[Dataset entries]
/---
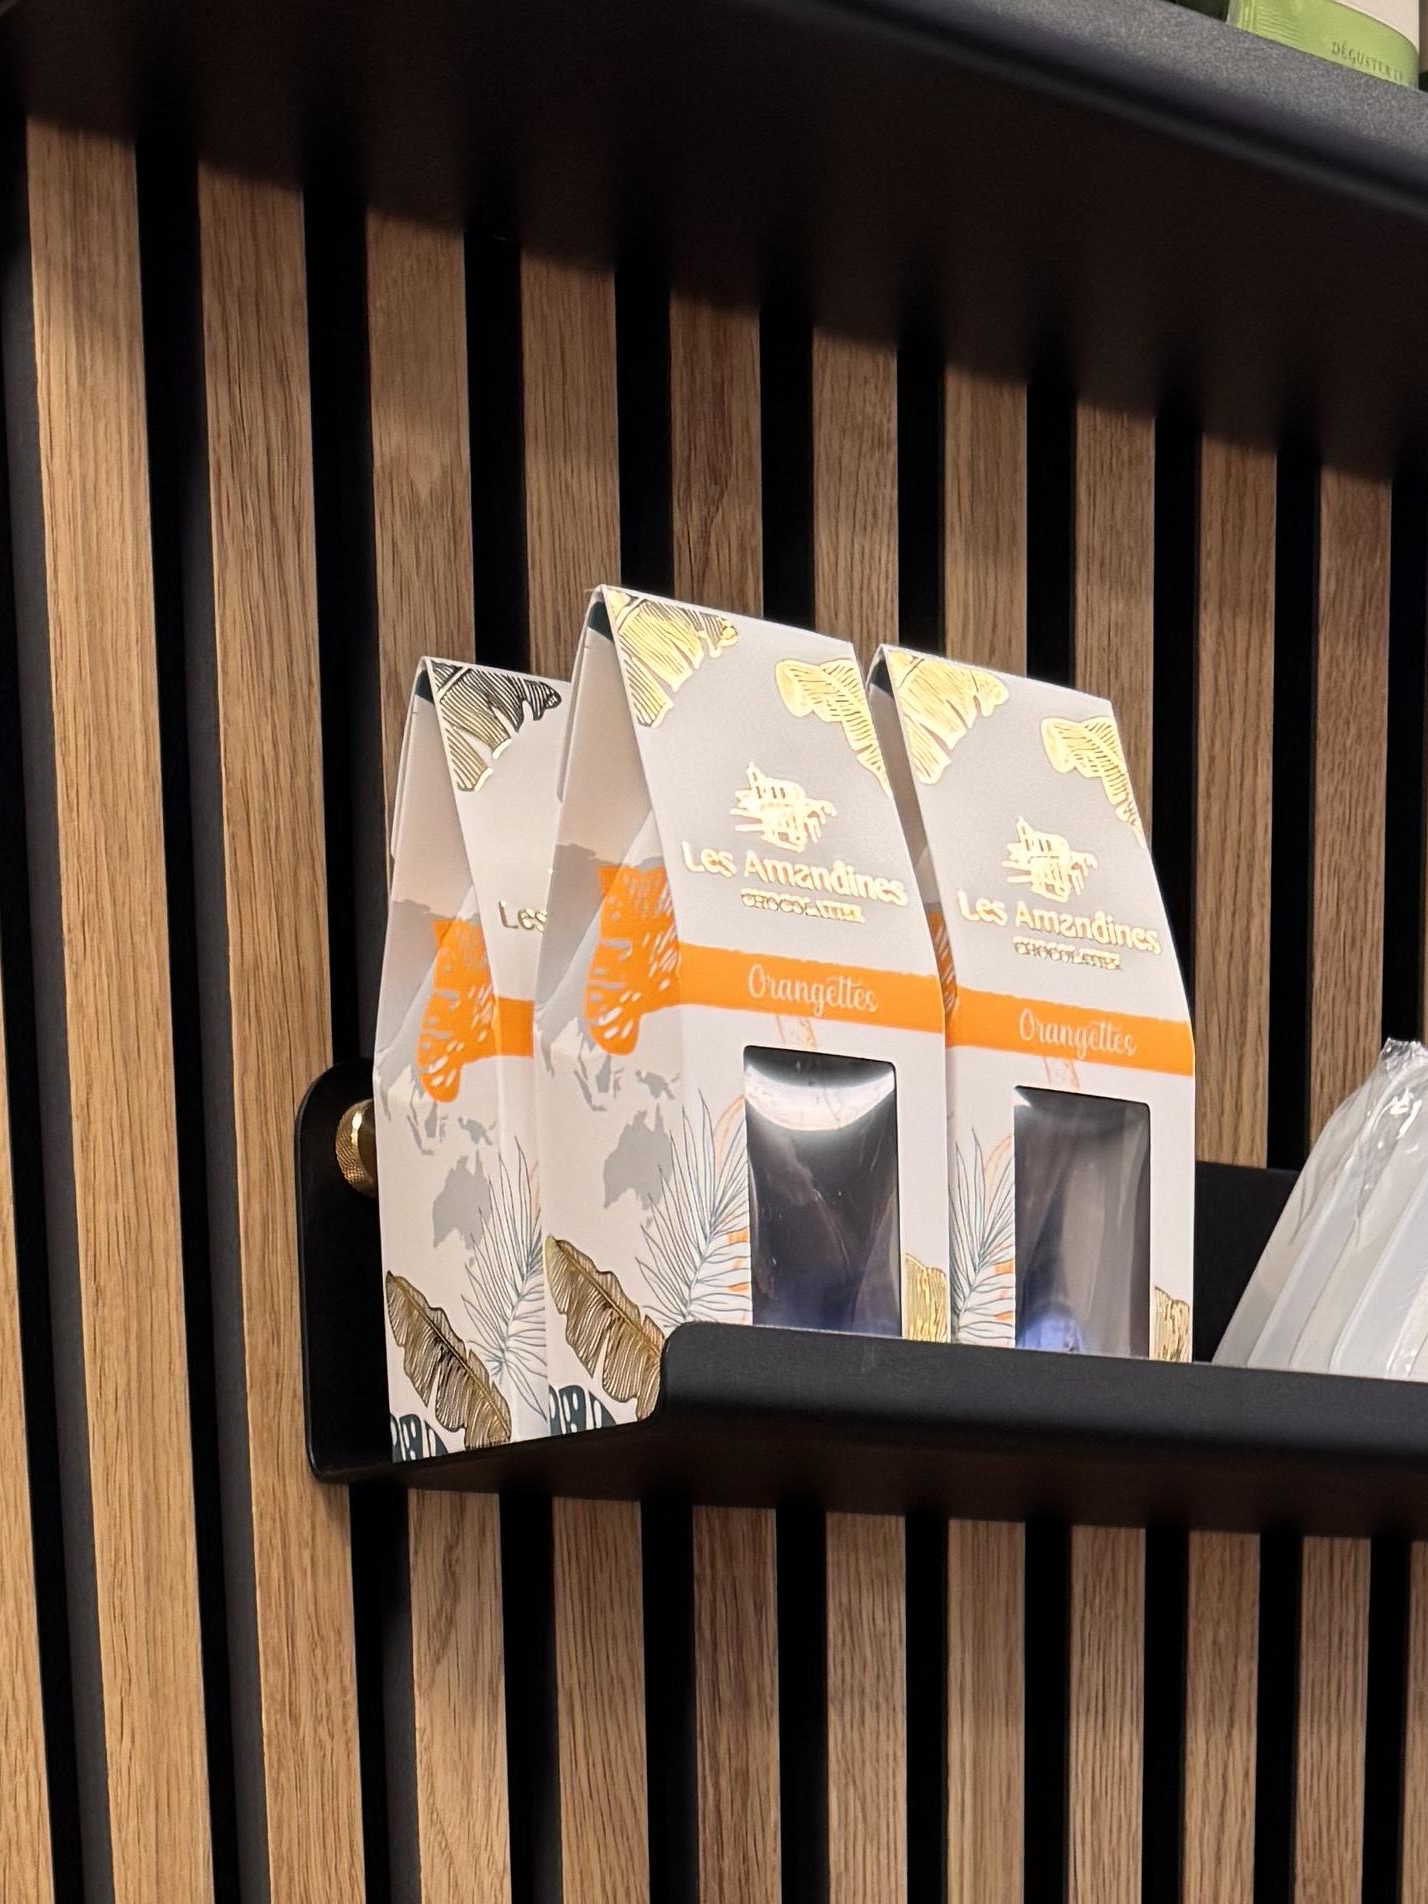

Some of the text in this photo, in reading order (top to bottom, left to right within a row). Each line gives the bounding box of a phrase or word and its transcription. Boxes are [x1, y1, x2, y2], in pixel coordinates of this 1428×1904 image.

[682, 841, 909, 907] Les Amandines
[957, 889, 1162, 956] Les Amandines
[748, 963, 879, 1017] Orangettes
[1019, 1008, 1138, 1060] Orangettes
\---
* Work to be completed
The records shown above are to be repeated exactly, with the pictures left out.

* Written response
Some of the text in this photo, in reading order (top to bottom, left to right within a row). Each line gives the bounding box of a phrase or word and its transcription. Boxes are [x1, y1, x2, y2], in pixel coordinates of this 1428×1904 image.

[682, 841, 909, 907] Les Amandines
[957, 889, 1162, 956] Les Amandines
[748, 963, 879, 1017] Orangettes
[1019, 1008, 1138, 1060] Orangettes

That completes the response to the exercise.